Records drawn from a dataset:
==*==
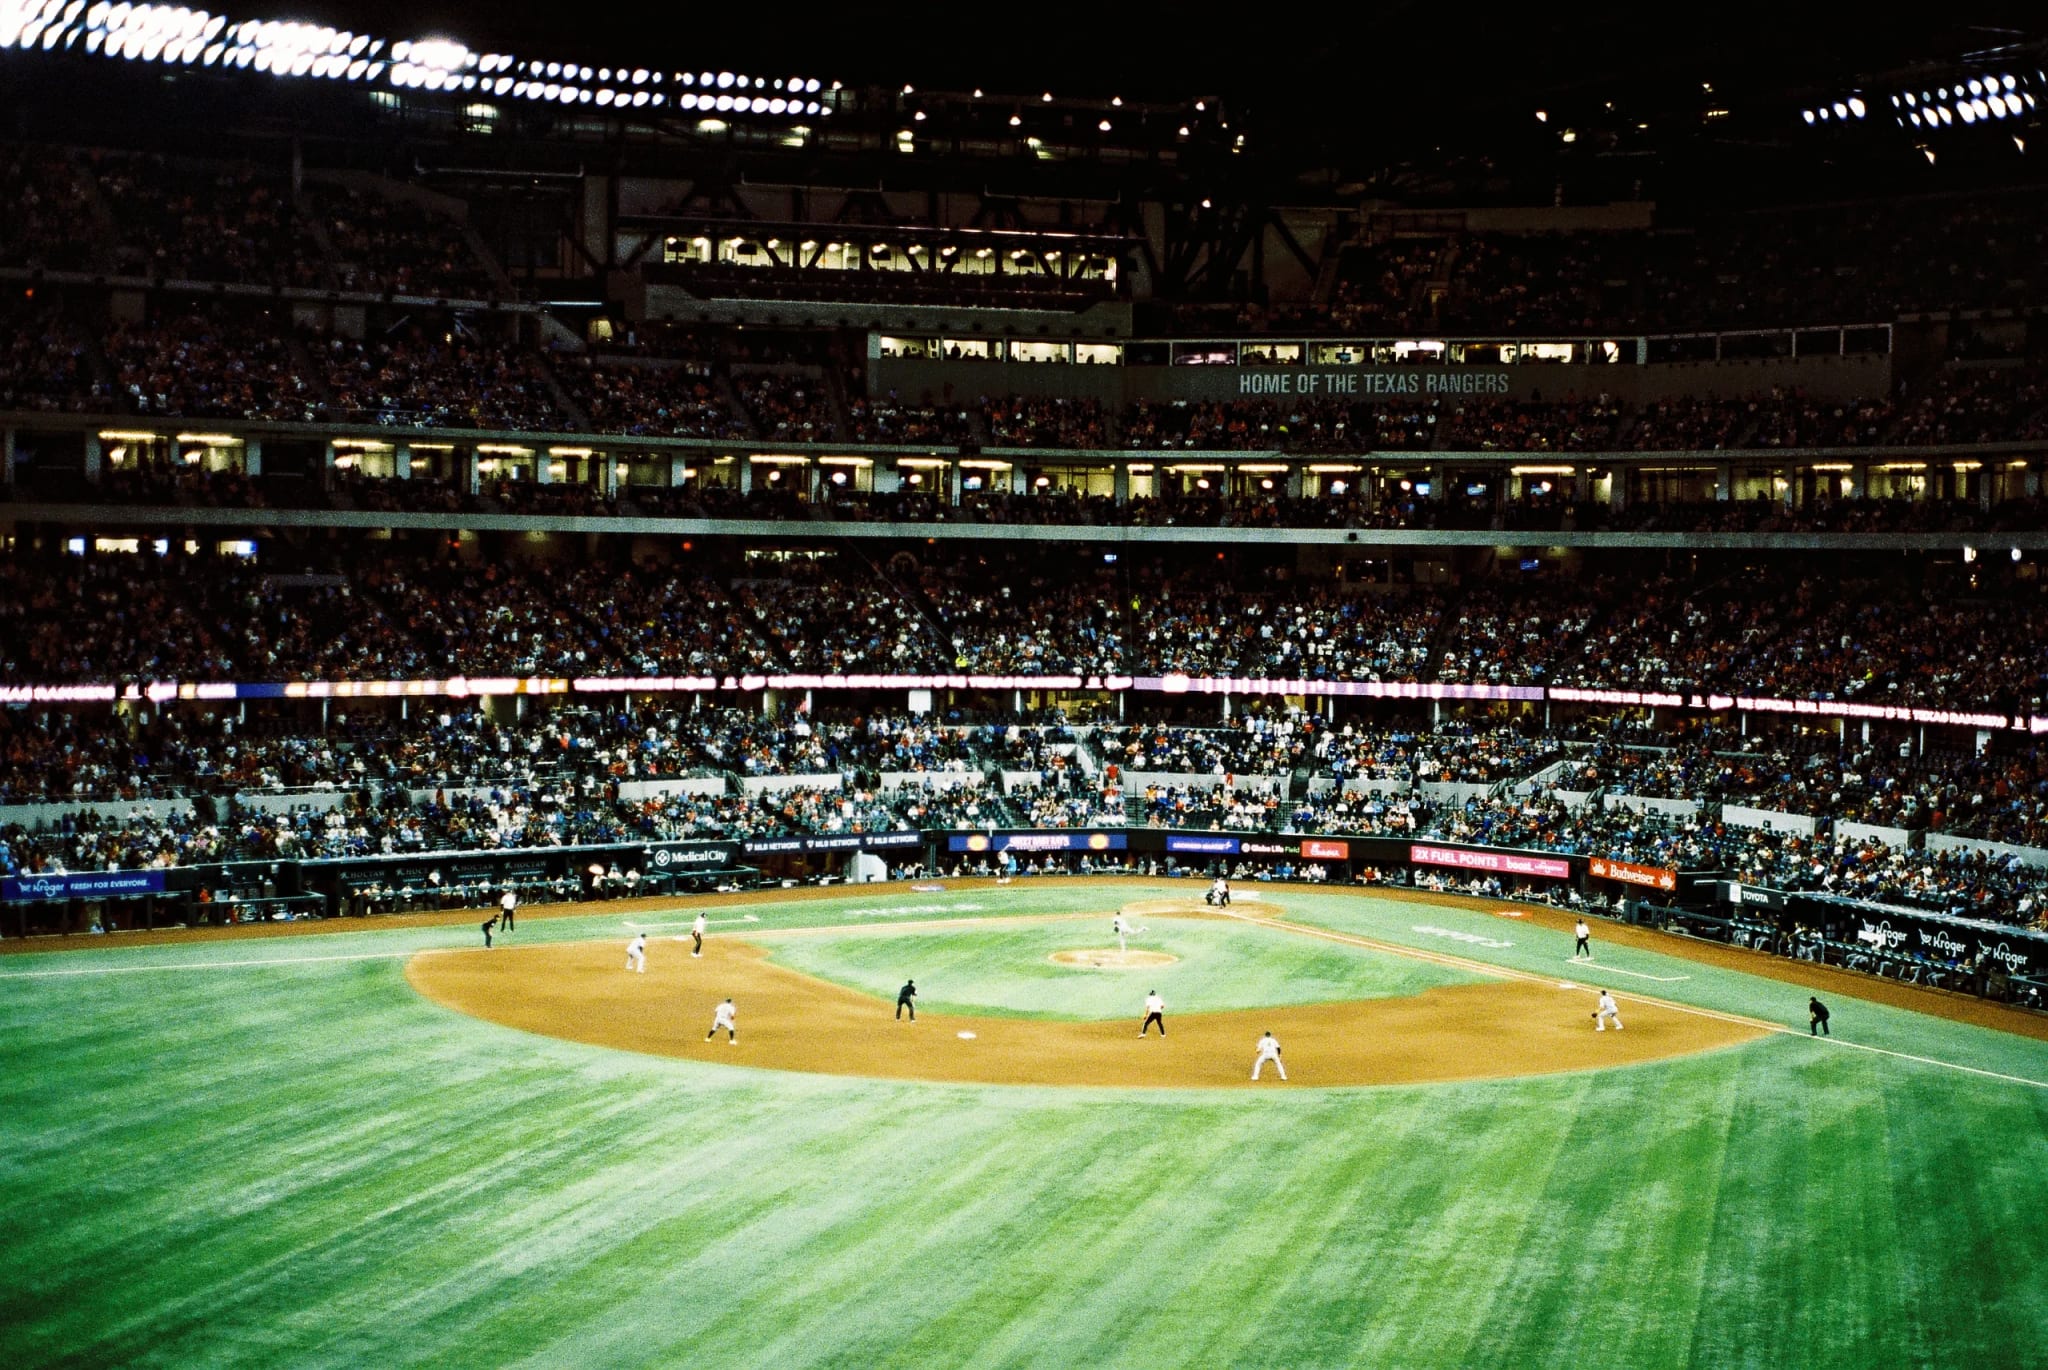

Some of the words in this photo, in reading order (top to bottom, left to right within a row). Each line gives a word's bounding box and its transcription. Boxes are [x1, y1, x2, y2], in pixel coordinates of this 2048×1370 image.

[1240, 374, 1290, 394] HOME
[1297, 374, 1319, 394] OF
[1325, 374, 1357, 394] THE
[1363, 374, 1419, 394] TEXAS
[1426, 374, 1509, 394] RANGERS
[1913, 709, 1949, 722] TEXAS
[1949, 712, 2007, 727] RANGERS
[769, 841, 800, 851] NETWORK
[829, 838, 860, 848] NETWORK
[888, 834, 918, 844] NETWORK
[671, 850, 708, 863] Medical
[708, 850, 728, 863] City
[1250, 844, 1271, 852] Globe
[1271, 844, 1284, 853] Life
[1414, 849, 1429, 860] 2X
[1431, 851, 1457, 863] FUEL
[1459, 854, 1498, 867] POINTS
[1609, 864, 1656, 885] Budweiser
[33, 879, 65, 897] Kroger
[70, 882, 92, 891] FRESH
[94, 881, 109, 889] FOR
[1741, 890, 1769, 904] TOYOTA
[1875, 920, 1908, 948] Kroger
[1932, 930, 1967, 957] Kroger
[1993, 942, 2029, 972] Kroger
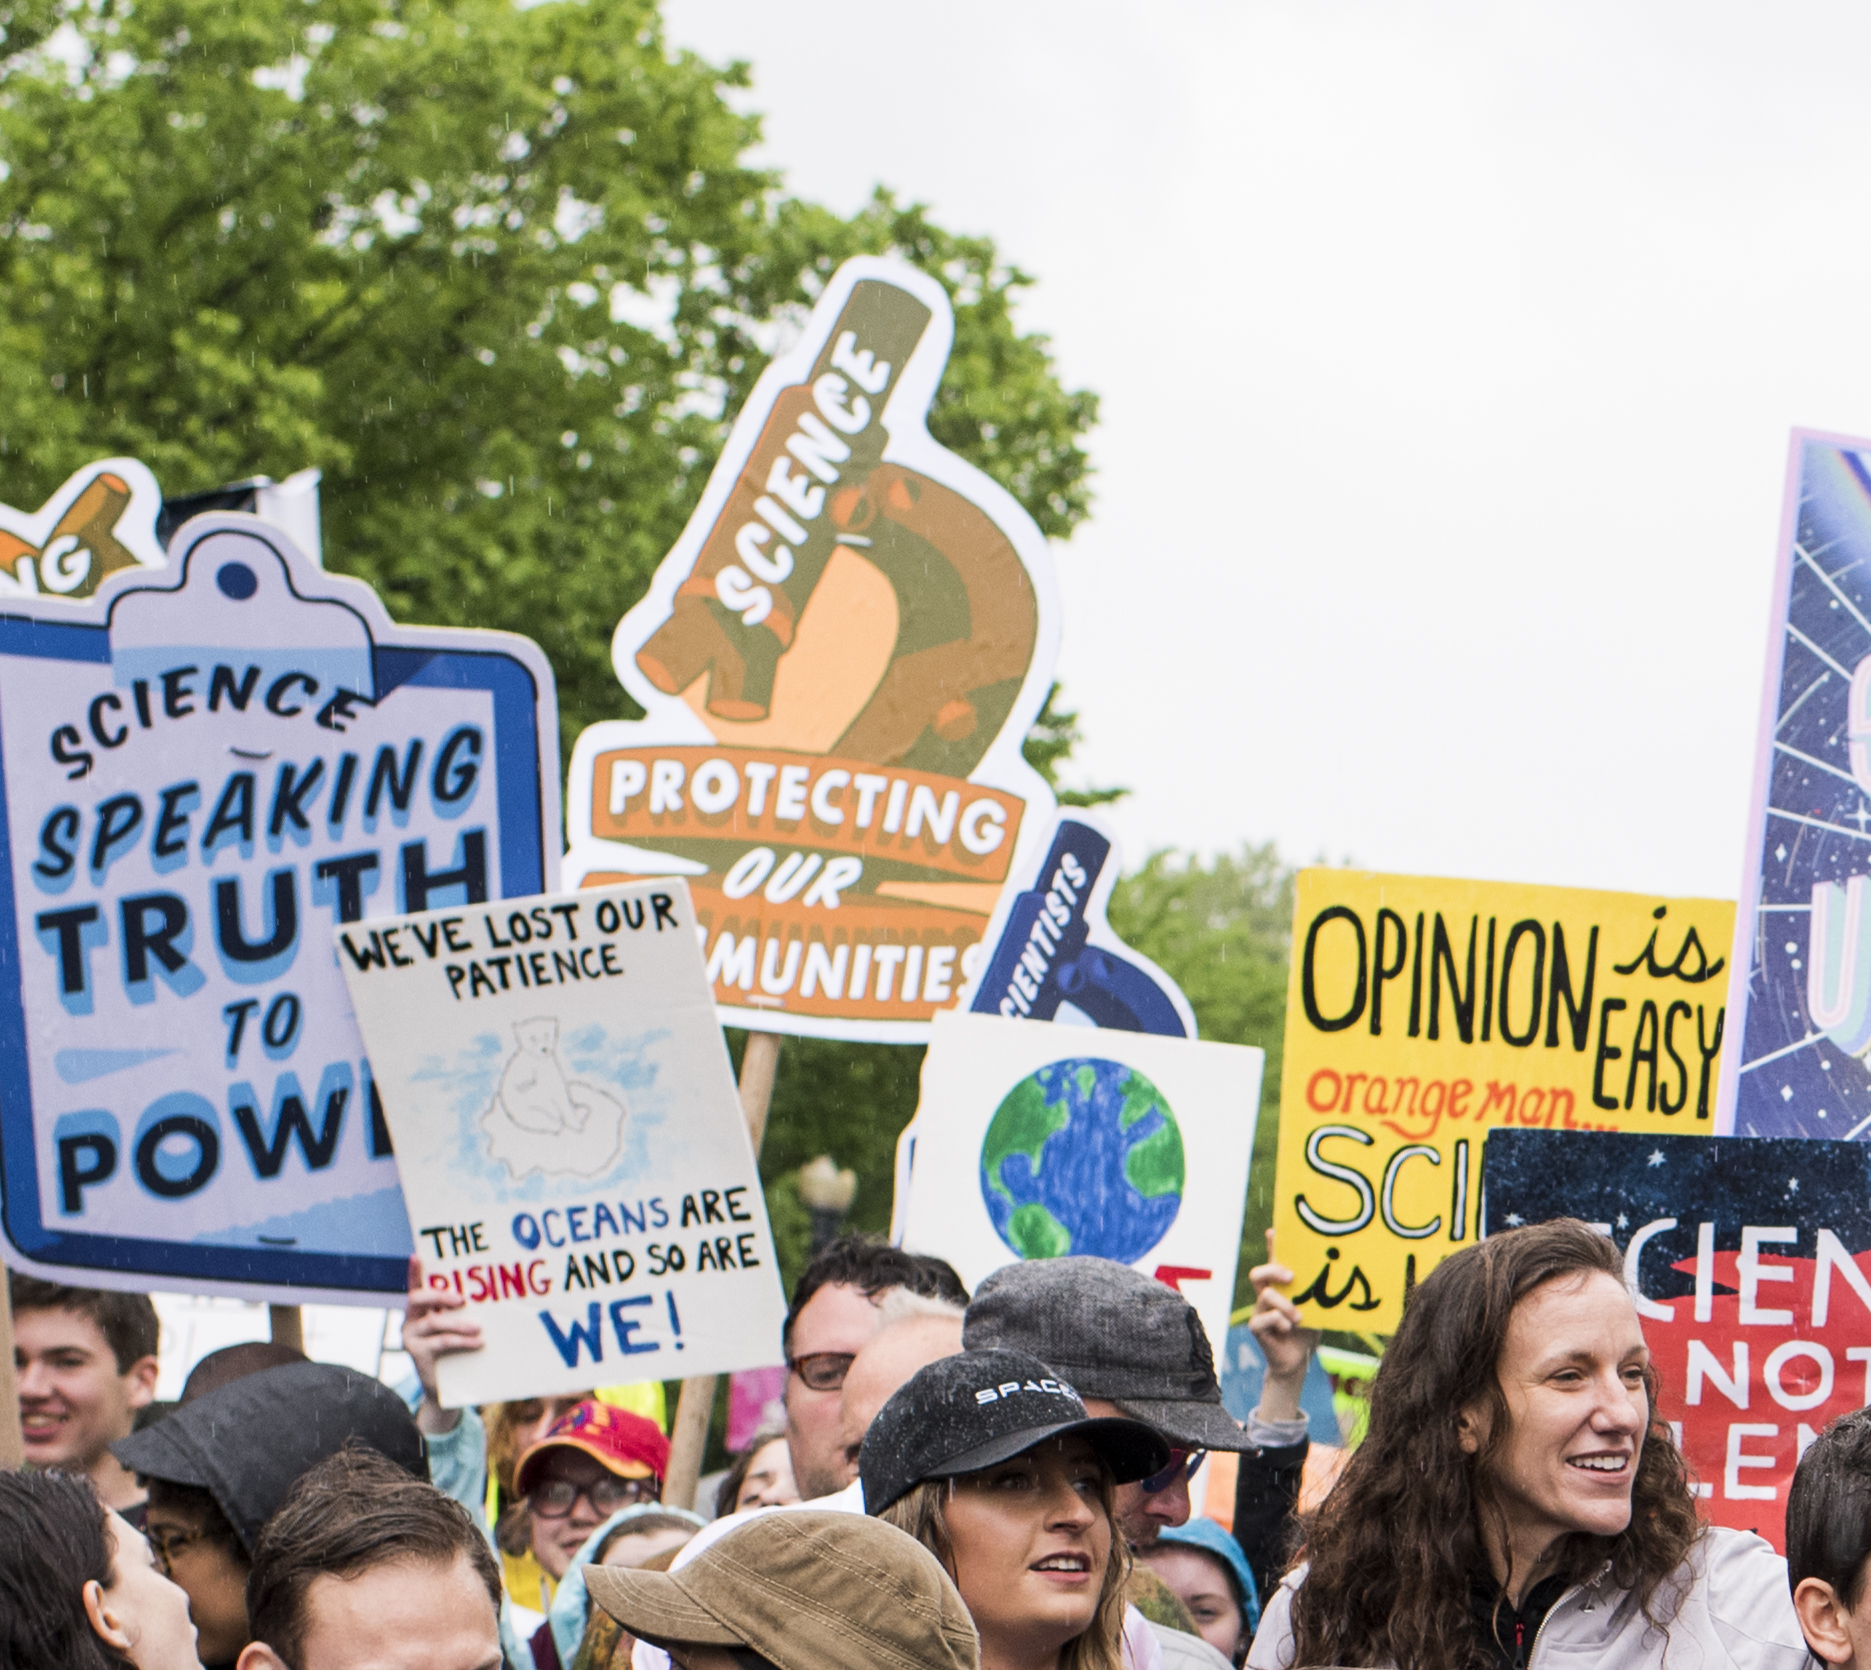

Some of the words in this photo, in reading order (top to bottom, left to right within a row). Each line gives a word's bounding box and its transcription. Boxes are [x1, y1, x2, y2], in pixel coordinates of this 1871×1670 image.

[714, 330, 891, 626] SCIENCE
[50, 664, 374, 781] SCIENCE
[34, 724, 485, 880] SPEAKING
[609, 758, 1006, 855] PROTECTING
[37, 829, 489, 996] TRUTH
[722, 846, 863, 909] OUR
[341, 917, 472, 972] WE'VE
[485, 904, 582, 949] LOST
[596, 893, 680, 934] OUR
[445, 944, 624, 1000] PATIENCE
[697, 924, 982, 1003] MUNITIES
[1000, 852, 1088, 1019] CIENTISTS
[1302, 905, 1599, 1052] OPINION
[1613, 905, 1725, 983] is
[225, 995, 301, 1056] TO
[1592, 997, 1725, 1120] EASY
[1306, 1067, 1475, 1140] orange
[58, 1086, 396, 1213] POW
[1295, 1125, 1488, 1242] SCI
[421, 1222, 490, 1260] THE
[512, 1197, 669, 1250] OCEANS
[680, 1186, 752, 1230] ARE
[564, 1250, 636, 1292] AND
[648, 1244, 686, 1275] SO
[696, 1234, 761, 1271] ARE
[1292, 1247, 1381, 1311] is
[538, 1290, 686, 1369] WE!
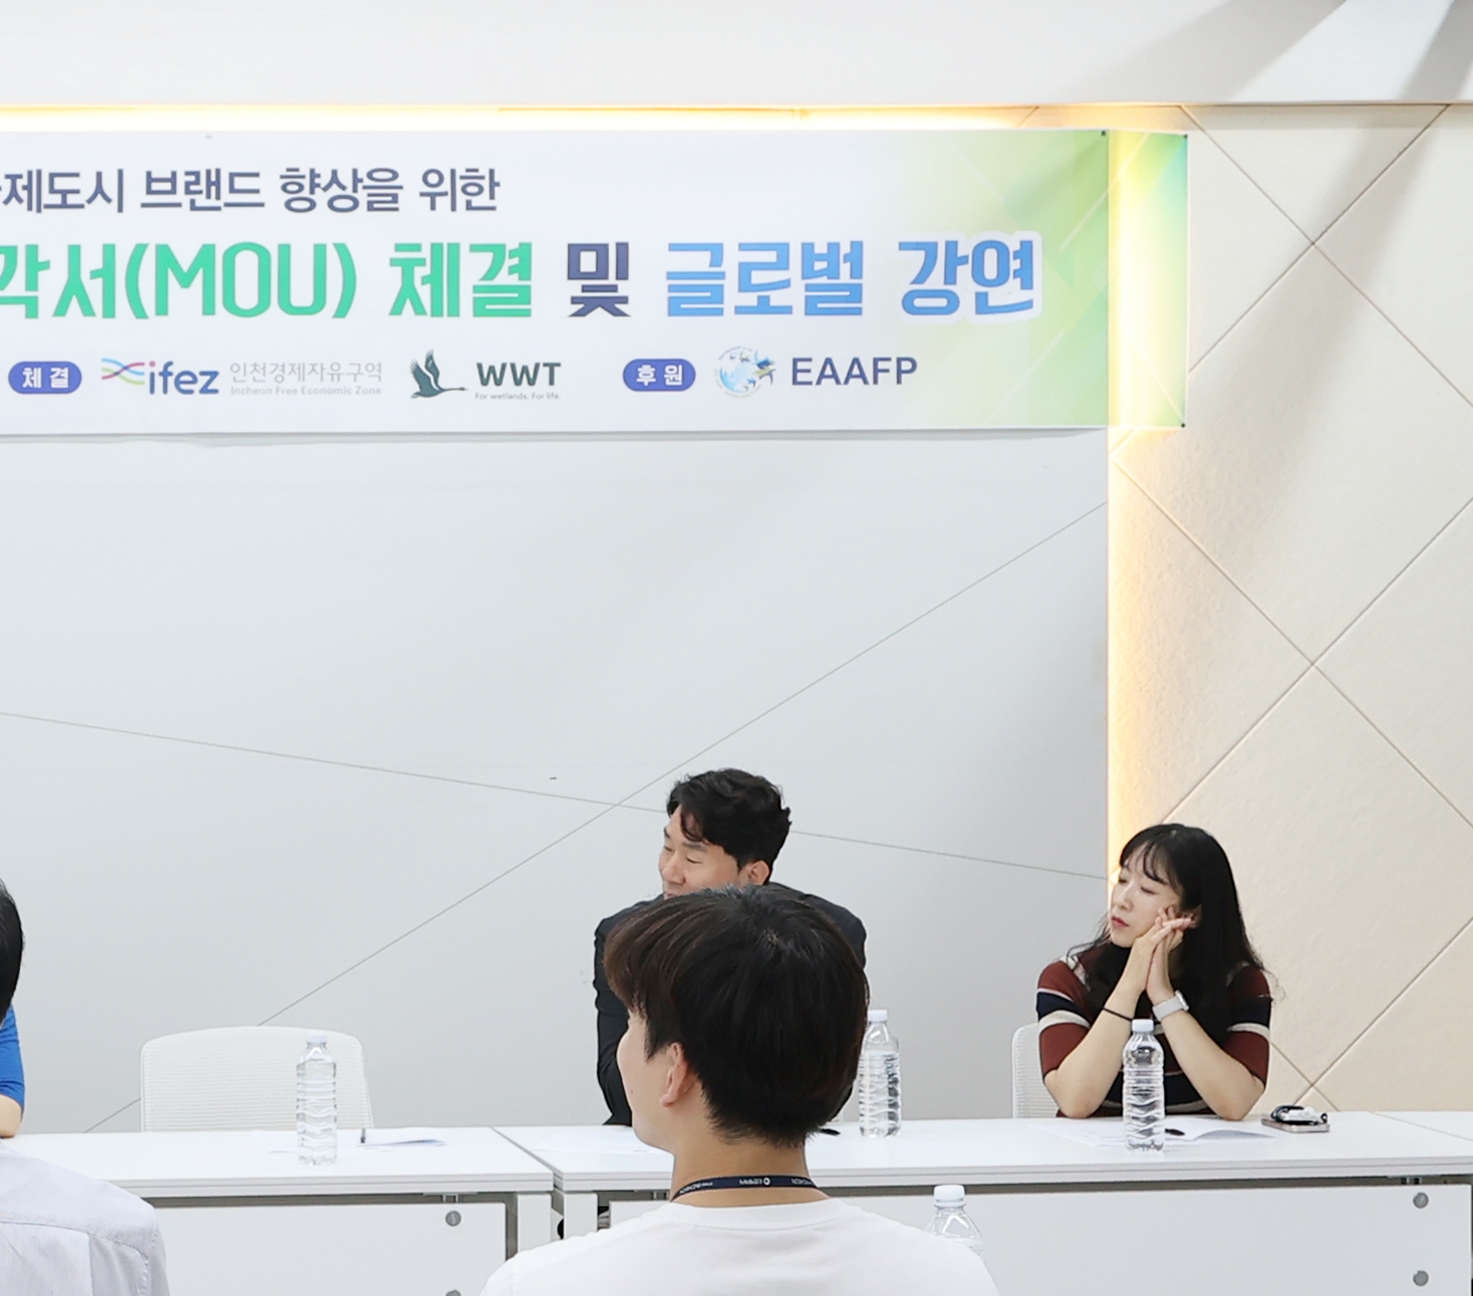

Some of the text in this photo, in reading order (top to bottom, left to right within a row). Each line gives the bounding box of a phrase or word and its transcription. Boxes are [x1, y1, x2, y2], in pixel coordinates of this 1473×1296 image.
==*==
* _Exercise_
The copy you output must match the entries above exactly, except that it has no pictures.

* _Task result_
Some of the words in this photo, in reading order (top to bottom, left to right within a row). Each line gives a word's bounding box and its transcription. Boxes are [x1, y1, x2, y2], in pixel coordinates of this 2048×1370 image.

[1240, 374, 1290, 394] HOME
[1297, 374, 1319, 394] OF
[1325, 374, 1357, 394] THE
[1363, 374, 1419, 394] TEXAS
[1426, 374, 1509, 394] RANGERS
[1913, 709, 1949, 722] TEXAS
[1949, 712, 2007, 727] RANGERS
[769, 841, 800, 851] NETWORK
[829, 838, 860, 848] NETWORK
[888, 834, 918, 844] NETWORK
[671, 850, 708, 863] Medical
[708, 850, 728, 863] City
[1250, 844, 1271, 852] Globe
[1271, 844, 1284, 853] Life
[1414, 849, 1429, 860] 2X
[1431, 851, 1457, 863] FUEL
[1459, 854, 1498, 867] POINTS
[1609, 864, 1656, 885] Budweiser
[33, 879, 65, 897] Kroger
[70, 882, 92, 891] FRESH
[94, 881, 109, 889] FOR
[1741, 890, 1769, 904] TOYOTA
[1875, 920, 1908, 948] Kroger
[1932, 930, 1967, 957] Kroger
[1993, 942, 2029, 972] Kroger

Some of the words in this photo, in reading order (top to bottom, left to right within a row). Each line gives a word's bounding box and its transcription. Boxes are [x1, y1, x2, y2], in pixel coordinates of this 1871×1670 image.

[714, 330, 891, 626] SCIENCE
[50, 664, 374, 781] SCIENCE
[34, 724, 485, 880] SPEAKING
[609, 758, 1006, 855] PROTECTING
[37, 829, 489, 996] TRUTH
[722, 846, 863, 909] OUR
[341, 917, 472, 972] WE'VE
[485, 904, 582, 949] LOST
[596, 893, 680, 934] OUR
[445, 944, 624, 1000] PATIENCE
[697, 924, 982, 1003] MUNITIES
[1000, 852, 1088, 1019] CIENTISTS
[1302, 905, 1599, 1052] OPINION
[1613, 905, 1725, 983] is
[225, 995, 301, 1056] TO
[1592, 997, 1725, 1120] EASY
[1306, 1067, 1475, 1140] orange
[58, 1086, 396, 1213] POW
[1295, 1125, 1488, 1242] SCI
[421, 1222, 490, 1260] THE
[512, 1197, 669, 1250] OCEANS
[680, 1186, 752, 1230] ARE
[564, 1250, 636, 1292] AND
[648, 1244, 686, 1275] SO
[696, 1234, 761, 1271] ARE
[1292, 1247, 1381, 1311] is
[538, 1290, 686, 1369] WE!

Some of the text in this photo, in reading order (top to bottom, left to right within a row). Each line gives the bounding box of a phrase or word and its transcription. Boxes are [x1, y1, x2, y2], in pixel coordinates of this 1473×1296 image.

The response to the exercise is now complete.